The U.S. “CLARITY Act” was passed by bipartisan support in the House of Representatives and then referred to the Senate Banking Committee. However, as of the end of February 2026, it remains stalled with no progress in hearings or voting schedules. Major disagreements center on whether stablecoins can pay yields to holders; the banking industry supports strict restrictions, while cryptocurrency companies strongly oppose.
(Source: BeInCrypto)
The CLARITY Act was passed in the House in July 2025 with bipartisan consensus. Its main goal is to clarify when digital assets are regulated by the U.S. Securities and Exchange Commission (SEC), when they fall under the Commodity Futures Trading Commission (CFTC), and to establish unified registration rules for crypto exchanges, brokers, and custodians.
However, after being referred to the Senate Banking Committee, progress has nearly come to a halt—no hearings have been held, the draft text is far from finalized, and no committee votes are scheduled. Insider sources close to negotiations say the parties are “still far from reaching an agreement.” While the American Bankers Association and the Independent Community Bankers of America deny that negotiations have broken down and say discussions are ongoing, disagreements over the wording of the draft persist.
In early 2026, the focus of CLARITY Act negotiations shifted from SEC and CFTC regulatory boundaries to the issue of stablecoin yields. The banking industry argues that stablecoins with yield mechanisms essentially function as unregulated bank deposits and should be strictly restricted. Crypto companies take the opposite stance; Coinbase CEO Brian Armstrong publicly stated that stablecoins can responsibly generate yields, and banning reward mechanisms would harm innovation and weaken competitiveness.
In recent weeks, the White House has organized multiple meetings with banks and crypto firms. Officials reportedly hope to reach an agreement on yield issues by March, but as of February 28, no substantial breakthroughs have been achieved on key language.
If these issues cannot be substantively advanced soon, the bill may become further entangled in the political swirl of the 2026 midterm elections, making its passage timeline even more uncertain.

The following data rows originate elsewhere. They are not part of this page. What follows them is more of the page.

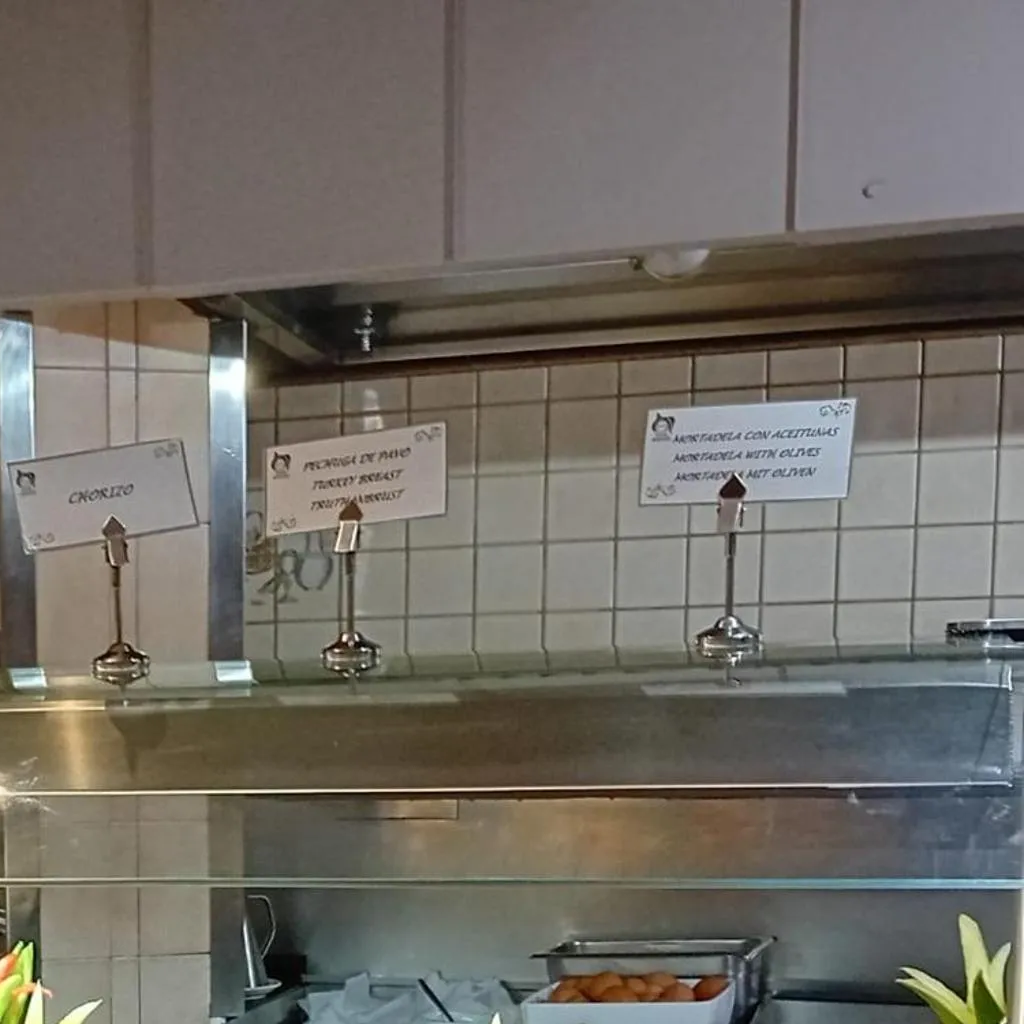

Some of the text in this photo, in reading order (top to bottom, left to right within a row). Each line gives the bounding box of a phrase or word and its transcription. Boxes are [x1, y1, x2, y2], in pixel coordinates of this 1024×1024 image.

[672, 426, 840, 444] MORTADELA CON ACEITUNAS
[303, 447, 412, 472] PECHUGA DE PAVO
[672, 447, 821, 463] MORTADELA WITH OLIVES
[312, 469, 404, 490] TURKEY BREAST
[674, 466, 817, 482] MORTADEA MIT OLIVEN
[68, 483, 134, 504] CHORIZO
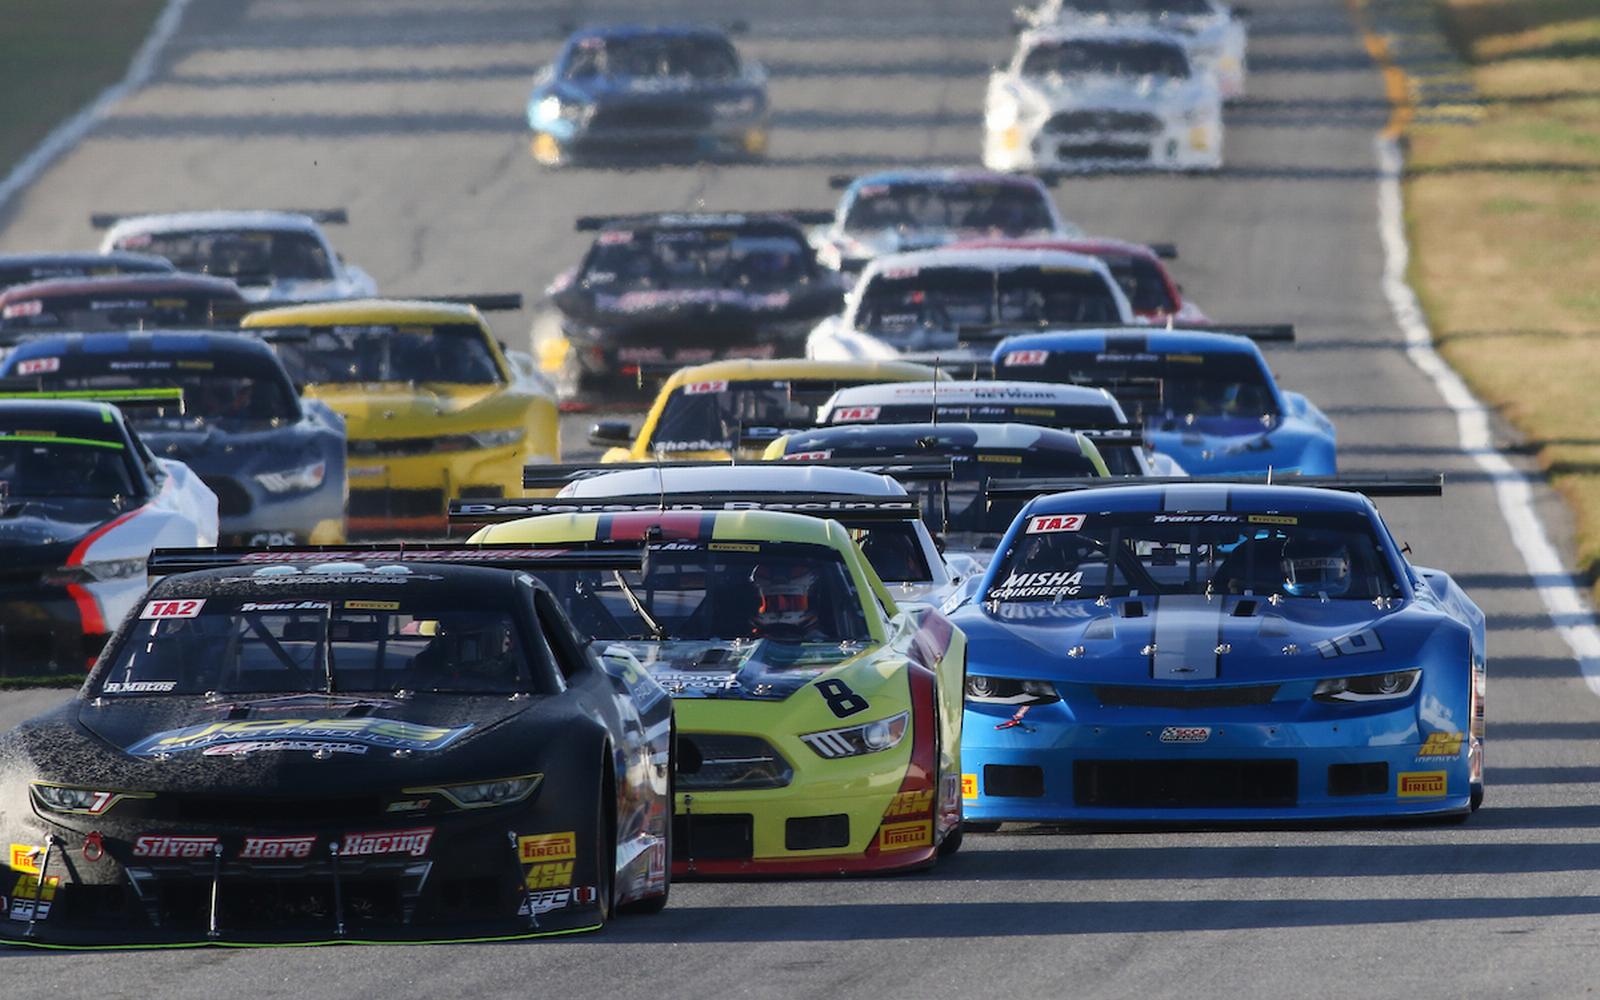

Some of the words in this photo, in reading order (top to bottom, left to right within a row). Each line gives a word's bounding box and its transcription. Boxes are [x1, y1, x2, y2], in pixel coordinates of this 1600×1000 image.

[1036, 515, 1079, 531] TA2
[1001, 569, 1084, 589] MISHA
[151, 601, 197, 616] TA2
[813, 678, 871, 719] 8
[1401, 775, 1444, 793] PIRELLI
[89, 790, 112, 813] 7
[132, 834, 218, 858] Silver
[238, 834, 318, 858] Hare
[338, 826, 437, 857] Racing
[884, 824, 928, 845] PIRELLI
[524, 837, 571, 858] PIRELLI
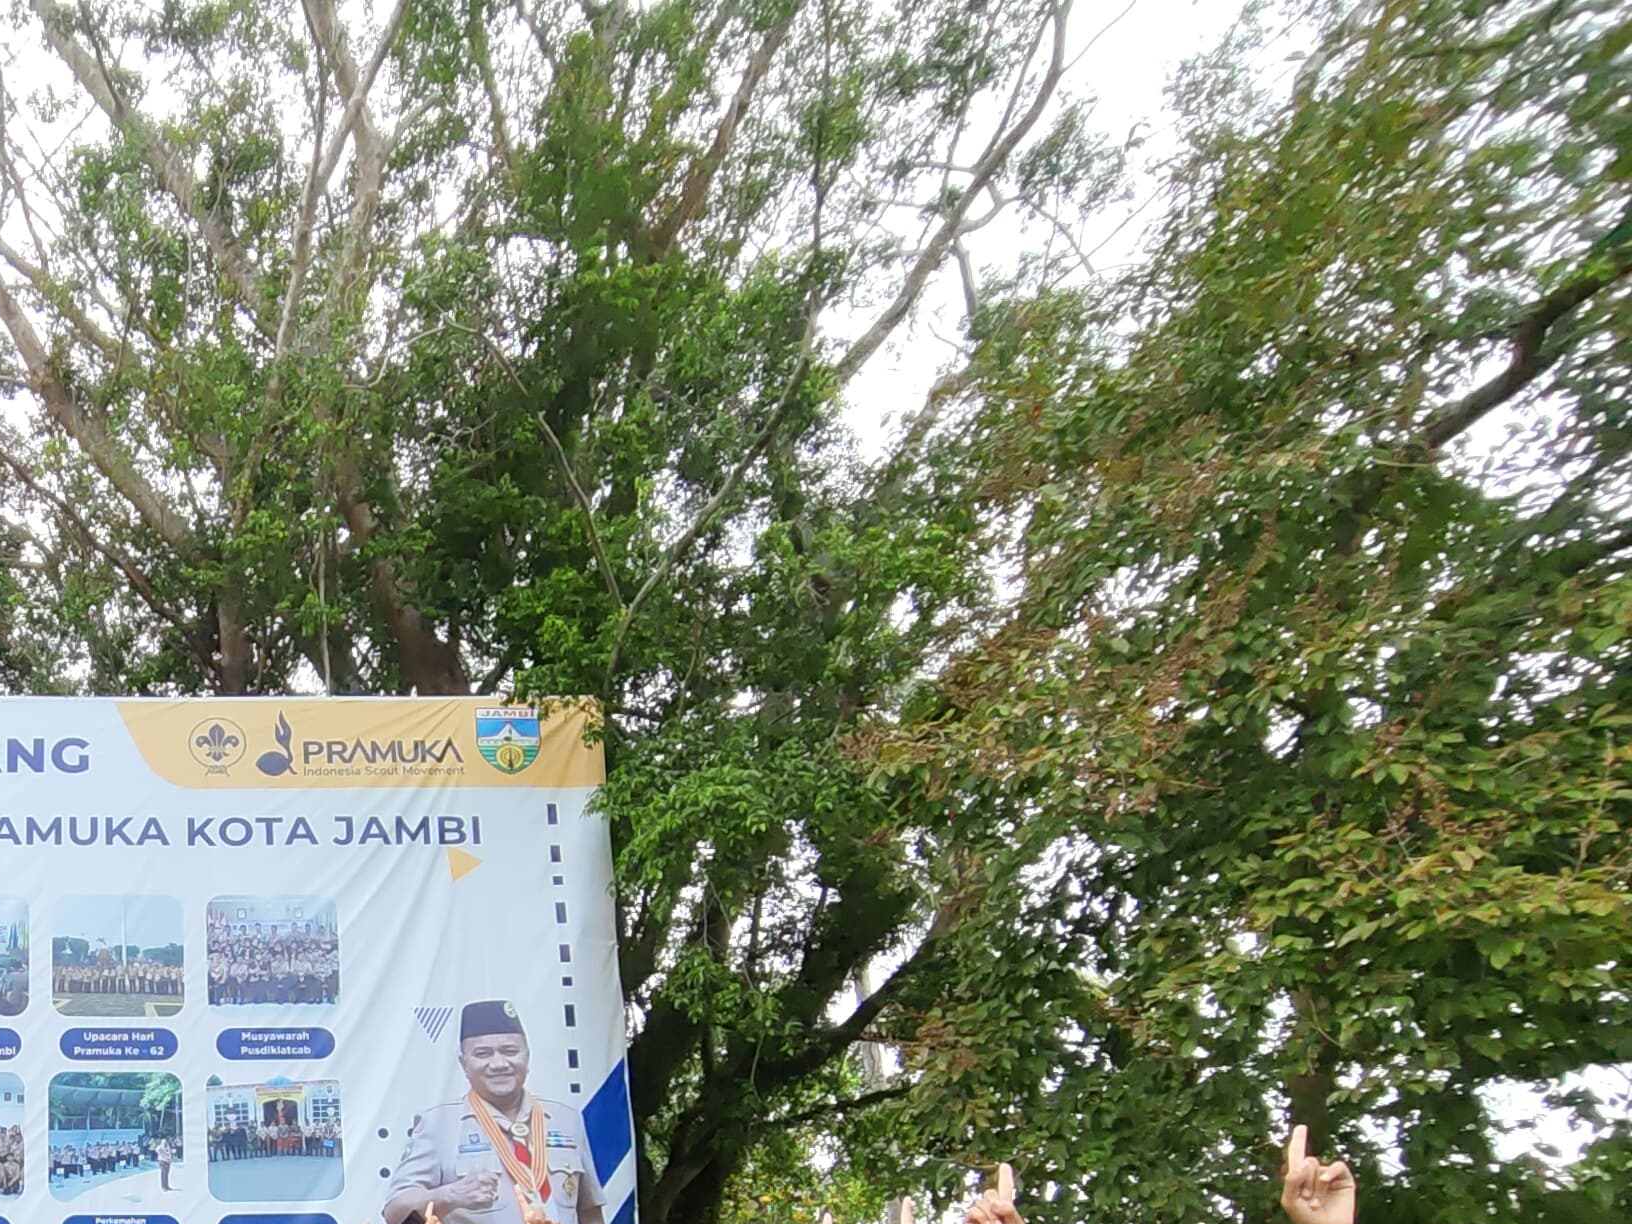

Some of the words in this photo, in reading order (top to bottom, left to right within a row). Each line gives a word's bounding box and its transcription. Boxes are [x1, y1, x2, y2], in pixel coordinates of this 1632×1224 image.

[303, 736, 464, 764] PRAMUKA
[303, 767, 361, 777] Indonesia
[365, 767, 399, 777] Scout
[402, 767, 464, 777] Movement
[187, 816, 320, 846] KOTA
[332, 815, 482, 846] JAMBI
[83, 1031, 129, 1042] Upacara
[131, 1031, 155, 1041] Hari
[241, 1031, 310, 1042] Musyawarah
[73, 1046, 122, 1056] Pramuka
[124, 1046, 140, 1055] Ke
[149, 1046, 164, 1055] 62
[240, 1045, 312, 1055] Pusdiklatcab

Q: What are the main goals of the CLARITY Act, and why is it important for the crypto industry?
A: The CLARITY Act aims to clarify the regulatory boundaries of digital assets under the SEC and CFTC and to establish unified registration standards for crypto exchanges, brokers, and custodians. It is the first significant legislation attempting to create a comprehensive regulatory framework for the U.S. crypto market. If passed, it would provide long-needed regulatory certainty for the industry.
Q: Why does the banking industry oppose allowing stablecoins to pay yields?
A: Banks worry that if yield-bearing stablecoins are not subject to the same regulations as bank deposits, it would create unfair competition and lead to a flow of funds from regulated savings accounts to crypto platforms. The Independent Community Bankers of America (ICBA) estimates that allowing platforms to pay stablecoin yields could reduce community bank deposits by over $1.3 trillion.
Q: What is the current timeline for the CLARITY Act’s passage, and what risks does the election year pose?
A: The bill is still stuck in the Senate Banking Committee, with no hearing or voting schedule set. If negotiators can narrow key disagreements by March, the committee might advance the bill that month. Otherwise, delays could push the bill into the political priorities of the election year, with passage potentially postponed until mid-2026 or later.